As entrepreneurs, it’s critical that we are intentionally taking the necessary measures to invest in ourselves.
One of the best ways to invest in yourself is with conferences that are designed to equip you with knowledge, resources, and a network of people to take you to the next level.
Recently, I attended the Next Gen Summit which was held at the Convene in downtown Manhattan. The Summit was filled with entrepreneurs, students, and business owners. In its the fifth year, it delivered on its promise to connect entrepreneurs to mentorship, knowledge, and networking opportunities. Curated sessions were available to everyone and anyone from students to entrepreneurs. It amazed me of how many students coming straight out of college already have or in the development of businesses.
Check out some insights from some of the sessions.
Spotlight Panel: Trailblazing Women in Business and Technology
The Trailblazing Women in Business and Technology panel was nothing short of amazing. “Do what you care about and find the common thread that runs through your experiences?” said Dr. Tarika Barrett, Chief Operating Officer of Girls Who Code. She touched on her experiences and taking risks in her career. “No one has a completely linear path to get where they are. Nurture your professional and personal networks.” “Try things you may fail at.” Dr. Tarika Barrett referenced the book Brave, not Perfect by author Reshama Saujani, Founder of Girls Who Code.
Jeannie Kim, Editorial Director at The Muse, discussed reinventing herself in her career. Jeannie worked in magazines leading and executing the strategy for Health brands across platforms. When it was time to make a switch as the magazine print industry was declining, she reviewed her interests and where her skills intersect. Jeannie found that during her spare time, she gave out career advice. Her role as Editorial Director at The Muse was a perfect match with her skills she obtained working in the print industry with something she was unconsciously doing which was giving out career advice.
Branding in the Digital Age
The Branding in the Digital Age panel was filled with many nuggets for business owners and individual personal brands. Esi Eggleston Bracey, EVP & COO NA Beauty and Personal Care at Unilever dropped many gems.
Some of the things she reminded us of were: You have to be clear on your brand promise. Be clear on who your customer is. What is your product promise? Your brand promise is rooted in a set of values. What do you believe in? That leads to storytelling. There are so many ways to reach people in the digital world. Make the right strategic choices. Do your research and find out what brands are doing it well.

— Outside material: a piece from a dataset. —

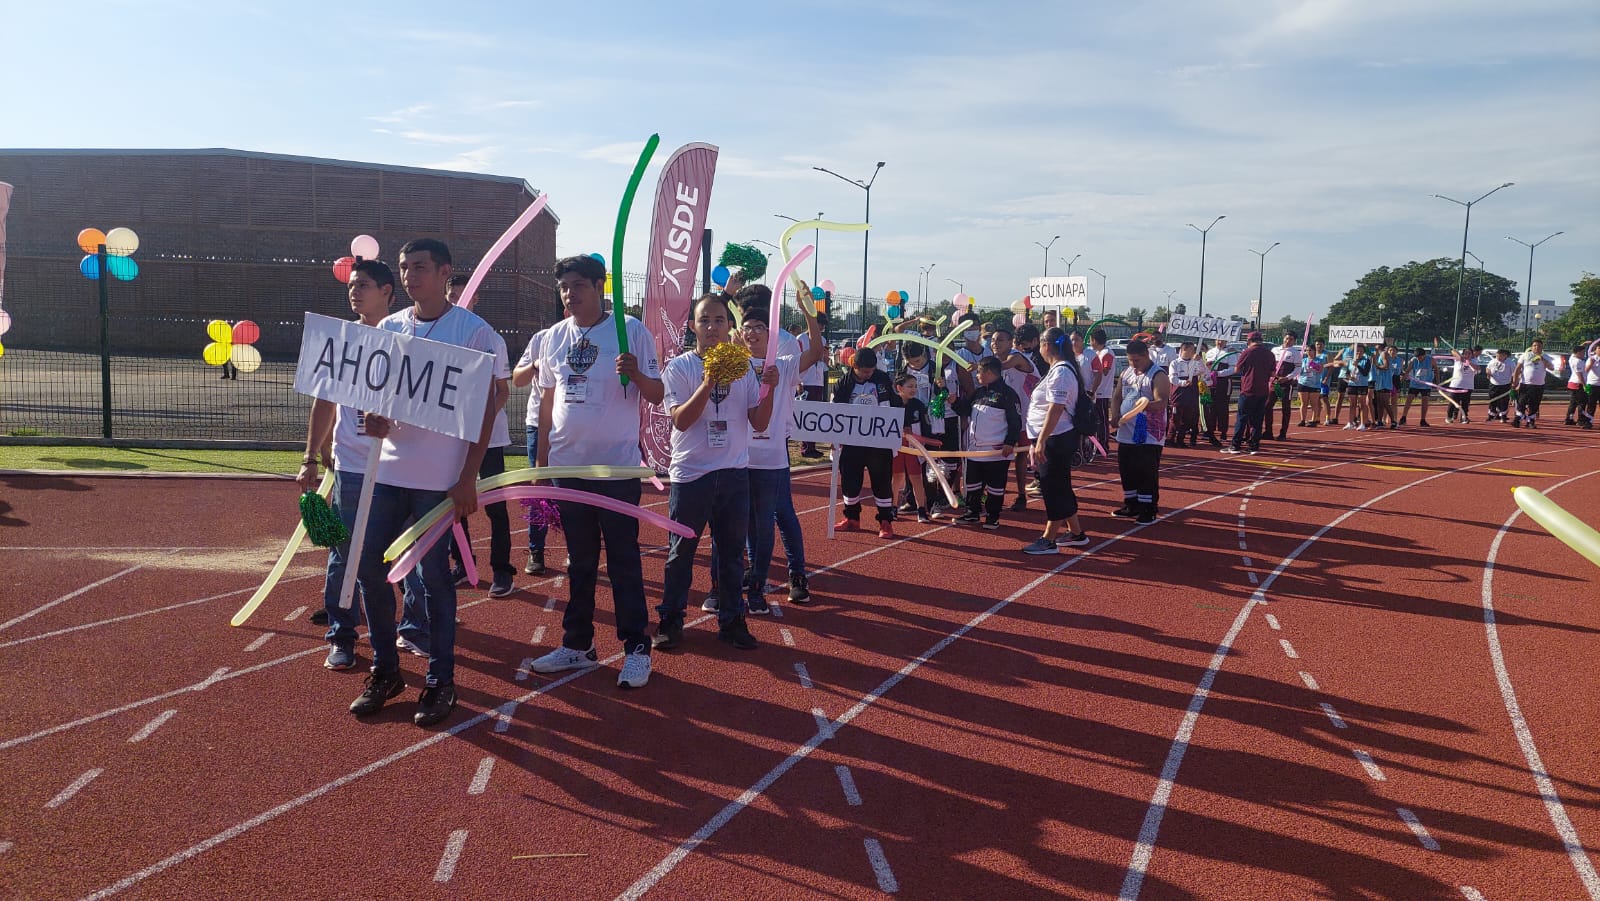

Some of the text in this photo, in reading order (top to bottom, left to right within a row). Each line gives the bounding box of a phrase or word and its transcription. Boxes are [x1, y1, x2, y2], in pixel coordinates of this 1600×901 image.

Branding a legacy as an Athlete, Entrepreneur, and Activist
Brandon Copeland gave a real-life example of turning a negative into a positive. After getting selected to play for a team during practice, he got injured and thought he would be out for four weeks, but after seeing the team doctor was told he would have to sit out for six weeks. Instead of wallowing, Brandon used the six weeks off to focus on real estate. During the six weeks, he flipped houses. Finding your why is essential. What is your why? Brandon shared tidbits about his grandfather’s difficult upbringing growing up in the south and making it through many unimaginable obstacles that for him, there is no excuse to not achieving his dreams. Brandon’s why is his family, financial freedom, and legacy.
Failure is inevitable, so have fun while pursuing your dreams.
Brandon shared a story about going through the process of being selected for an NFL team. About 90 players got chosen, and he was practically number 101. He was told going into the training that he would not get selected, so he changed his mindset going into the training and just had fun with the sport he loved. He later got selected with a team.